Même si l’intention d’Ariel est louable, il faut néanmoins préciser que 80% des tâches ménagères sont encore effectuées par les femmes.  Et qu’en onze ans, le temps moyen journalier consacré par les femmes au travail domestique a baissé de 22 minutes alors que celui des hommes a augmenté d’une minute explique l’Observatoire des inégalités. Au rythme actuel, il faudrait des décennies pour arriver à l’équilibre en termes de partage des tâches domestiques entre hommes et femmes au sein du couple. Lancer une machine est donc un premier pas vers l’égalité mais la route est encore longue (et semée de chaussettes orphelines).

D’autres marques avant Ariel ont tenté de faire changer les mentalités pour une meilleure participation des hommes à la lessive.

En 2004, LG électroménager créait la rupture avec sa publicité mettant en scène un Apollon torse nu et son accroche invitant au partage des tâches "Homme comprendre. linge sale.machine" "Un petit pas pour l’homme, un bond pour sa femme".

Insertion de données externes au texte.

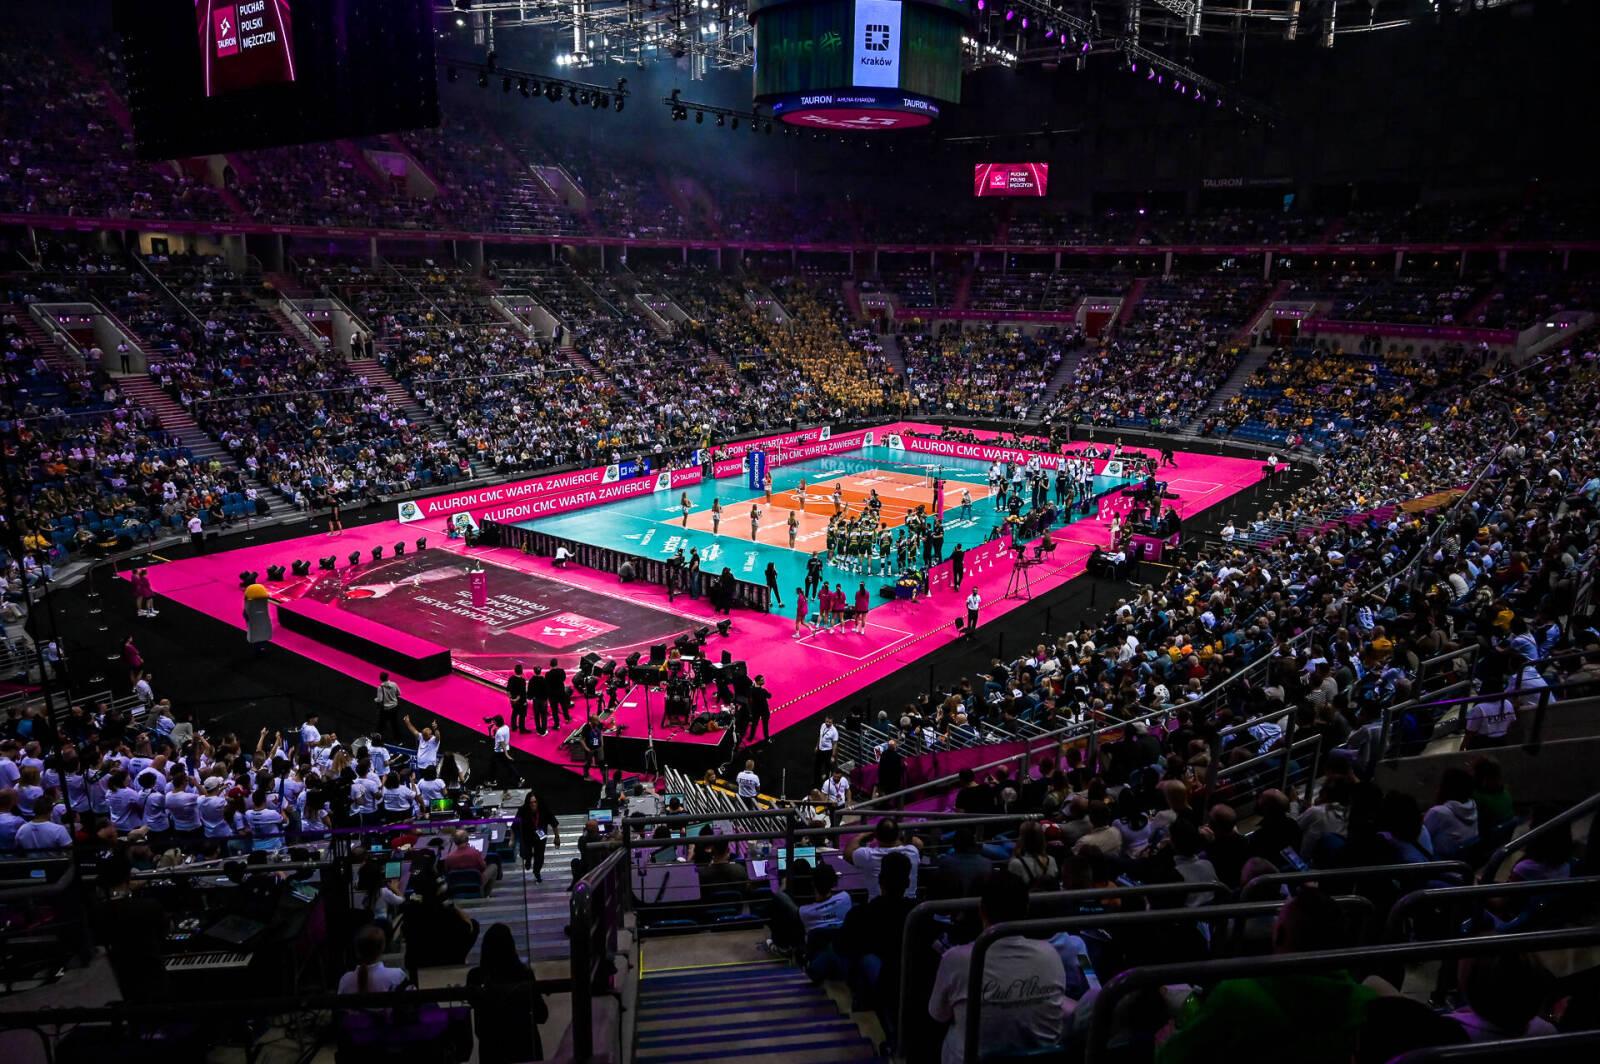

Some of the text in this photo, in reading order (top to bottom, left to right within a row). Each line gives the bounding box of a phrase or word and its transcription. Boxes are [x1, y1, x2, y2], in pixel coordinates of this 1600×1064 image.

[240, 1, 265, 16] PUCHAR
[241, 17, 264, 32] POLSKI
[217, 37, 237, 49] TAURON
[242, 31, 276, 48] MĘŻCZYZN
[860, 56, 892, 67] Kraków
[800, 96, 833, 105] TAURON
[903, 98, 928, 110] TAURON
[789, 449, 803, 459] CMC
[804, 444, 828, 455] WARTA
[828, 437, 861, 451] ZAWIERCIE
[910, 439, 955, 454] ALURON
[956, 444, 980, 457] CMC
[983, 448, 1025, 463] WARTA
[723, 463, 742, 472] TAURON
[680, 472, 701, 481] TAURON
[428, 472, 600, 513] ALURON CMC WARTA ZAWIERCIE
[483, 479, 651, 521] ALURON CMC WARTA ZAWIERCIE
[413, 595, 504, 626] PUCHAR POLSKI
[551, 615, 603, 634] TAURON

Problèmes : l’homme-objet, musclé et dénudé a remplacé la femme-objet. Et le ton utilisé pour s’adresser à cette cible façon homme de Neandertal n’est pas très valorisante.
 
En 2011, la marque Brandt se démarquait, quant à elle, avec cette publicité "Les vrais hommes font la lessive". 

 En 2012, j’épinglais ici la marque "Antoine" et sa première lessive pour hommes !

Pas question de laver son linge avec n’importe quoi quand on est un homme, un vrai ! La lessive Antoine est plus chère (11€ les 10 doses), dans un "élégant flacon en verre" et livrée à domicile ("très classe" précise le site).  Exit également les odeurs de gonzesses: "Antoine dit adieu aux odeurs "féminines" des lessives classiques", histoire de ne pas perdre sa virilité en chemin.
Plus récemment, la marque Persil jouait la carte de l’humour en misant sur le registre de la transmission mère/fils dans une publicité plutôt maline. "Comme disait ta grand-mère, il n’est jamais trop tôt pour faire ta propre lessive". 


Les lessiviers seraient-ils donc tous devenus féministes ? La réalité est bien plus pragmatique. Comme je l’expliquais récemment ici, Unilever a démontré que 40% des consommatrices ne s’identifiaient pas aux femmes représentées dans la publicité. A contrario, l’étude a révélé qu’une publicité sans stéréotype était 25% plus efficace. Sous l’impulsion d’Unilever, une vingtaine de grandes marques et agences se sont unies avec le soutien d’ONU Femmes, dans une "Unstereotype Alliance". Le but : combattre les stéréotypes dans l’industrie publicitaire. Facebook, Twitter et des marques comme Mattel, Mars, J&J, Procter et Gamble (à qui appartient Ariel, tiens tiens) font partie de cette initiative progressiste mais qui reste avant tout un puissant levier business. Sheryl Sandberg, COO de Facebook, l’a d’ailleurs rappelé lors de la cérémonie des Cannes Lions de manière très pragmatique : "les marques qui s’engagent en faveur de la réduction des inégalités de genre augmentent de 8 à 10% l’adhésion des utilisateurs de la plateforme. Elle l’affirme haut et fort : l’engagement pour des causes stimule le business".

Passer les stéréotypes à la machine (à laver) est donc également une belle aubaine financière pour toutes ces marques. L’histoire nous dira s’il ne s’agissait en réalité que de feminism-washing (à 30% sans essorage).